We mined the source code repositories of Jenkins and Gerrit to extract the commit id, date, committer name, committer email and commit description message for each commit, with the help of the tool CVSAnlY (MetricsGrimoire 2014). The extracted data was stored locally in a relational database with a standard data scheme, independent of the analyzed code repository. The structure of the database allows a quantitative analysis to be done by writing SQL queries. The number of commits per committer were added together with the name and email of the committer as keys.
We extracted the affiliations of the committers from their email addresses by filtering them on the domain, e.g., firstname.lastname@example.org was classified with a Sony Mobile affiliation. It is recognized that committers may not use their corporate email addresses when contributing their work, since parts of their work could be contributed privately or under the umbrella of other organizations than their employer. To triangulate and complement this approach, a number of additional sources were used, as suggested by earlier research (Bird and Nagappan 2012; Gonzalez-Barahona et al. 2013). First, social media sites as LinkedIn, Twitter and Facebook were queried with keywords from the committer, such as the name, variations of the username and e-mail domain. Second, unstructured sources such as blogs, community communication (e.g., comment-history, mailing-lists, IRC logs), web articles and firm websites were consulted.

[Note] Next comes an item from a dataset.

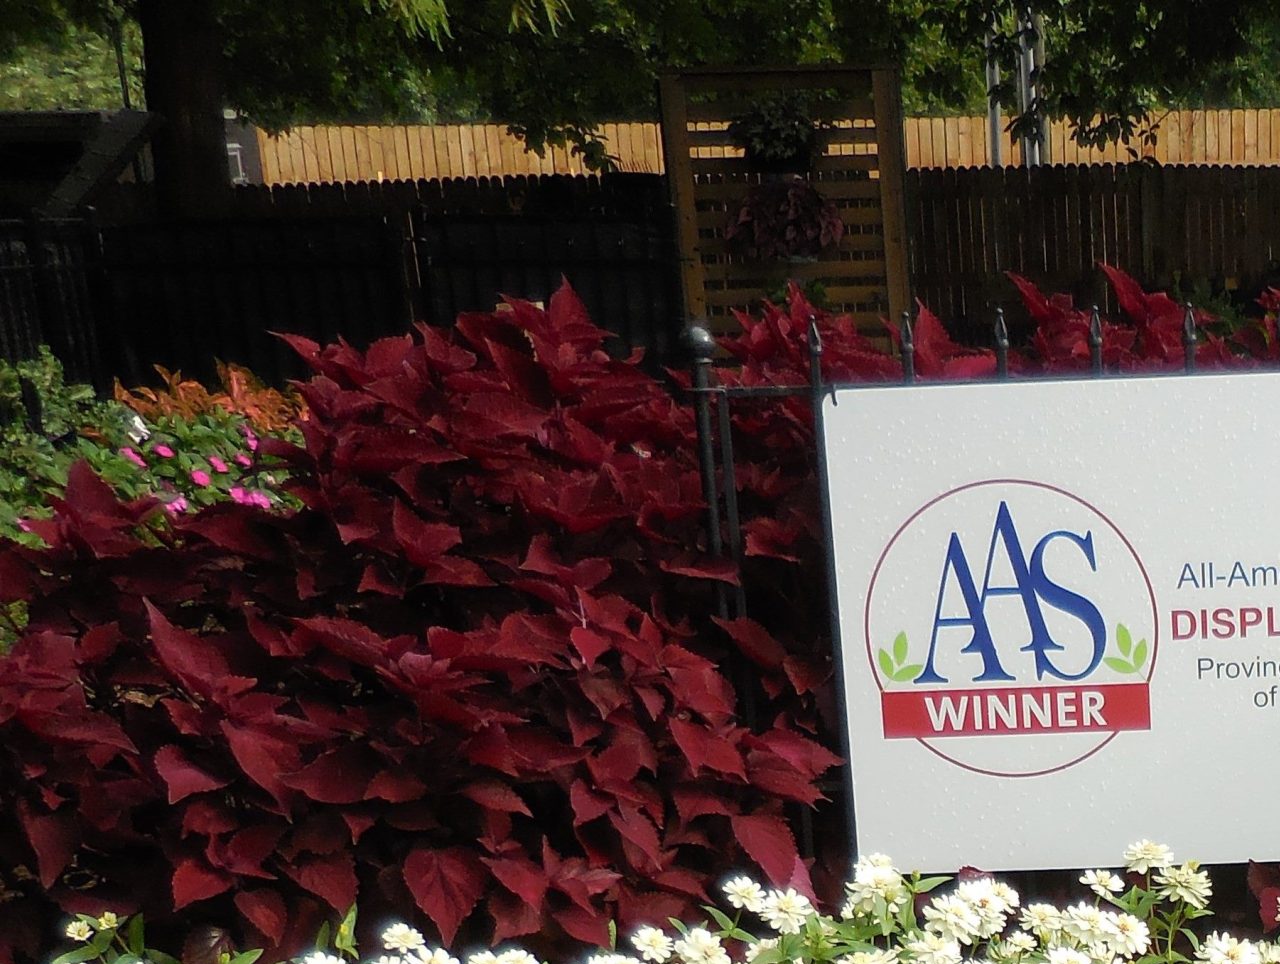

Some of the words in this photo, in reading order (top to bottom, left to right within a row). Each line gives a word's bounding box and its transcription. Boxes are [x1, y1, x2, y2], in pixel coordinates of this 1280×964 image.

[913, 500, 1108, 685] AAS
[924, 691, 1107, 732] WINNER
[1253, 683, 1277, 708] of

Sony Mobile turned out to be one of the main organizational affiliations among the committers to Gerrit while no evidence of commits to the Jenkins core community was identified. The reason for this was that Jenkins is a plug-in-based community, i.e. there is a core component surrounded by approximately 1,000 plug-ins of which each has a separate source code repository and community. Our initial screening had only covered the core Jenkins component. After analyzing forum postings, blog posts and reviewing previously identified committers, a set of Jenkins plug-ins, as well as two Gerrit plug-ins, were identified, which then were also included in our analysis. The following Open Source projects were included for further analysis:
PyGerrit (Gerrit plug-in)Footnote 2
Gerrit-events (Gerrit plug-in)Footnote 3
Gerrit-trigger (Jenkins plug-in)Footnote 4
Build-failure-analyzer (Jenkins plug-in)Footnote 5
External-resource-viewer (Jenkins plug-in)Footnote 6
Team-views (Jenkins plug-in)Footnote 7
Classification of commit messages
Further analysis included creating the list of top committers combined with their yearly activity (number of commits) in order to see how Sony Mobile’s involvement evolved over time. Next, we characterized and classified the commits made by Sony Mobile to the corresponding communities by following the criteria defined by Hattori and Lanza (2008). This was done manually by analyzing the description messages of the commits and searching for keywords (see Table 2), and then classifying the commits in one of the following categories:
Forward engineering activities refer to the incorporation of new features and implementation of new requirements including the writing new test cases to verify the requirements. Re-engineering activities deal with re-factoring, redesign and other actions to enhance the quality of the code without adding new features. Corrective engineering activities refer to fixing defects in the software. Management activities are related to code formatting, configuration management, cleaning up code and updating the documentation of the project.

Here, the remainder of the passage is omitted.